(Study material)
-----
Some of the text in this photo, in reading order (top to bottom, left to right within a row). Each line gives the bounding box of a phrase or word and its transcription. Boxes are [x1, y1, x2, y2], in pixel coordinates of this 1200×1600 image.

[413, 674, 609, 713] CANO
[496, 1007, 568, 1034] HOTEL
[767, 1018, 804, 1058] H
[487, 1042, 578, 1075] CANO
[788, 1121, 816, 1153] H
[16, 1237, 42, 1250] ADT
-----
(Work request) Transcribe all of the data above, keeping each line exactly as it stands.

(Response to the exercise)
Some of the text in this photo, in reading order (top to bottom, left to right within a row). Each line gives the bounding box of a phrase or word and its transcription. Boxes are [x1, y1, x2, y2], in pixel coordinates of this 1200×1600 image.

[413, 674, 609, 713] CANO
[496, 1007, 568, 1034] HOTEL
[767, 1018, 804, 1058] H
[487, 1042, 578, 1075] CANO
[788, 1121, 816, 1153] H
[16, 1237, 42, 1250] ADT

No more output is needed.